What Mugshots Mean For Public Data


The New York Times has a story this morning on the growing use of mugshot data for, essentially, extortion. These sites scrape mugshots off of public records databases, use SEO techniques to rank highly in Google searches for people’s names, and then charge those featured in the image to have the pages removed. Many of the people featured were never even convicted of a crime.

What the mugshot story demonstrates but never says explicitly is that data is no longer just private or public, but often exists in an in-between state, where the public-ness of the data is a function of how much work is required to find it.

Let’s say you’re actually doing a background check on someone you are going on a date with (one of the use cases the operators of these sites claim is common). Before online systems, you could physically go to the various records offices, sometimes in each town, to request information about them. Given that there are ~20,000 municipalities in the United States, just doing a check would take the unreasonable investment of days.

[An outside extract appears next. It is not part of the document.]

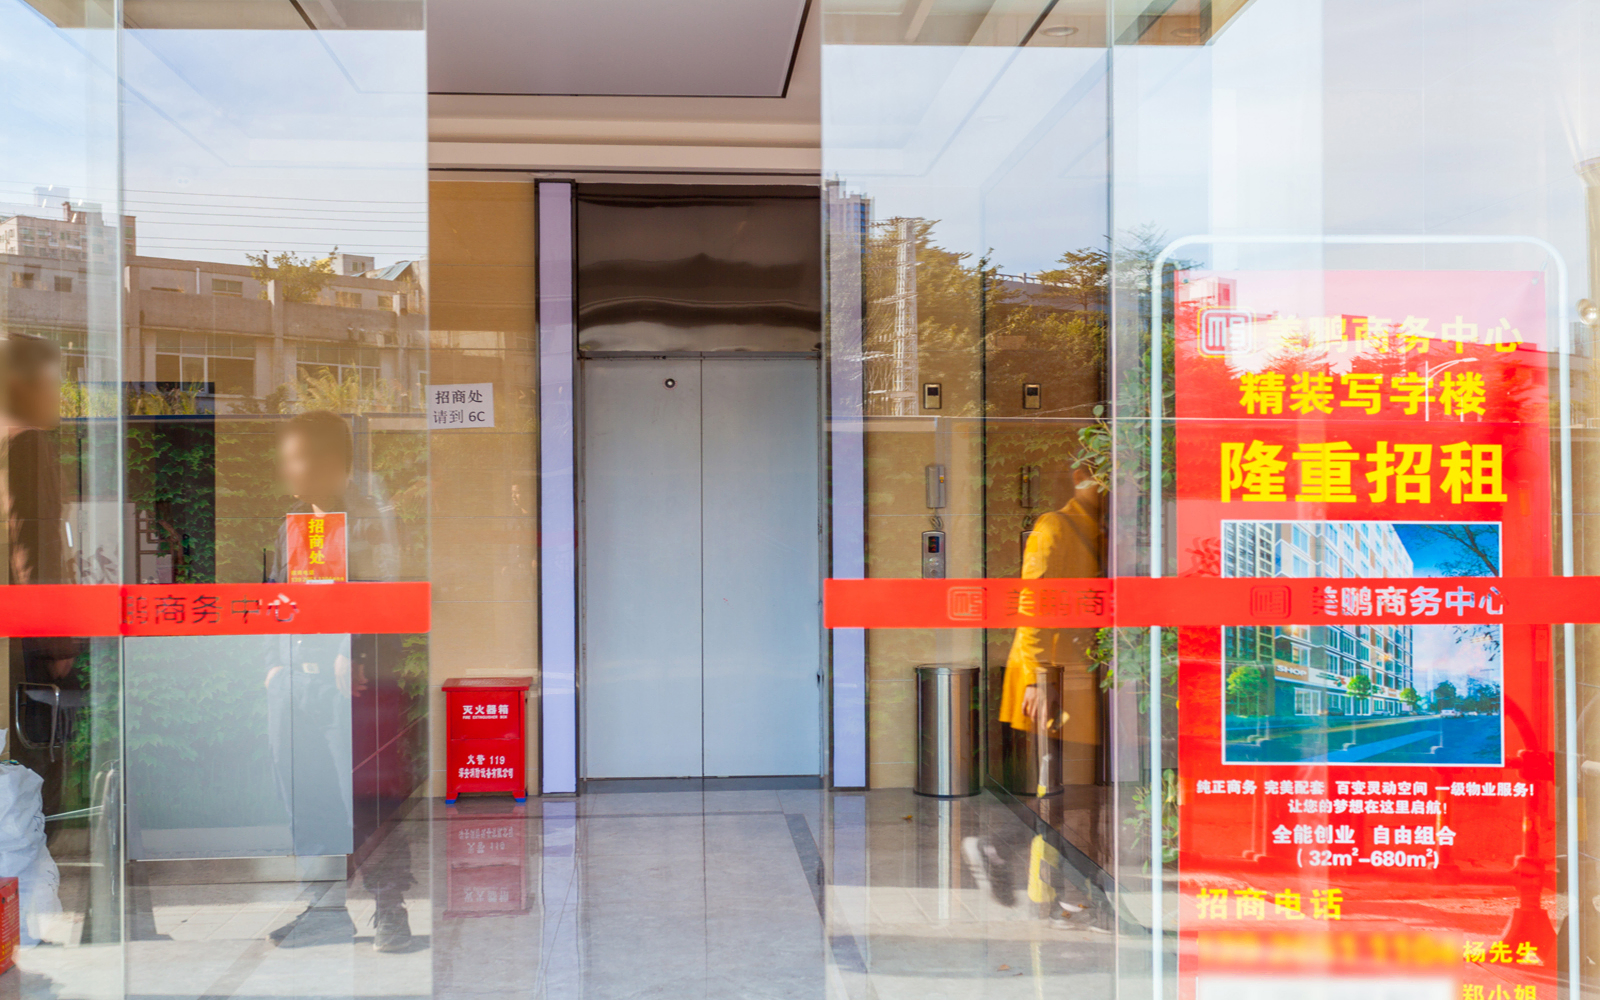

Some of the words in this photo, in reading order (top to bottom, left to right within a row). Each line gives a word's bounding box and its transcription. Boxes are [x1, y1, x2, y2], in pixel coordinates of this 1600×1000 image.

Before mugshot sites, you had to actually visit each state’s database, figure out how to query it, and assemble the results. Now we’re looking at an investment of hours, instead of days. It’s possible, but you must be highly motivated.

Now you just search, and this information is there. It is just as public as it was before, but the cost to access has become a matter of seconds, not hours or days, and we could imagine that you might be googling your date to find something else about him and instead stumble on the mugshot image. The cost for accessing the data is so trivial that can come up as part of an adjacent task.

The debate around fixing this problem has focused on whether the data should be removed from the public entirely. I’d like to see this conversation reframed around how we maintain the friction and cost to access technically public data such that it is no longer economically feasible to run these sorts of aggregated extortion sites while still maintaining the ability of journalists and concerned citizens to explore the records as necessary for their work.

20 Comments on “What Mugshots Mean For Public Data”

  1. This debate only reinforces what Jim Adler has been preaching for a while: we need to regulate data use rather than data access.


  2. Hilary Mason says:

    On a related note, I just read Matt Waite’s article on building a conscientious mug shot service: upvot.es/1ckBTny

  3. marcoscarreira says:

    I’m somewhat skeptical that friction and cost will deter those who see this as a business if the cost is still low enough that journalists and/or citizens can access it. I think that at some point countermeasures will have to be developed (either regulation against profiteering from this information or sites that reinforce positive reputations).

  4. Paul says:

    Why should this data be public? It is private data about someone and not really the business of anyone else, no? What am I missing?

    • Ken says:

      They have entered the public arena by being arrested for a crime. The problem is that the crime may be very minor or they may also not be found guilty or even go to trial. Even if they are convicted it may be an offence where any other public records are removed after a period of time.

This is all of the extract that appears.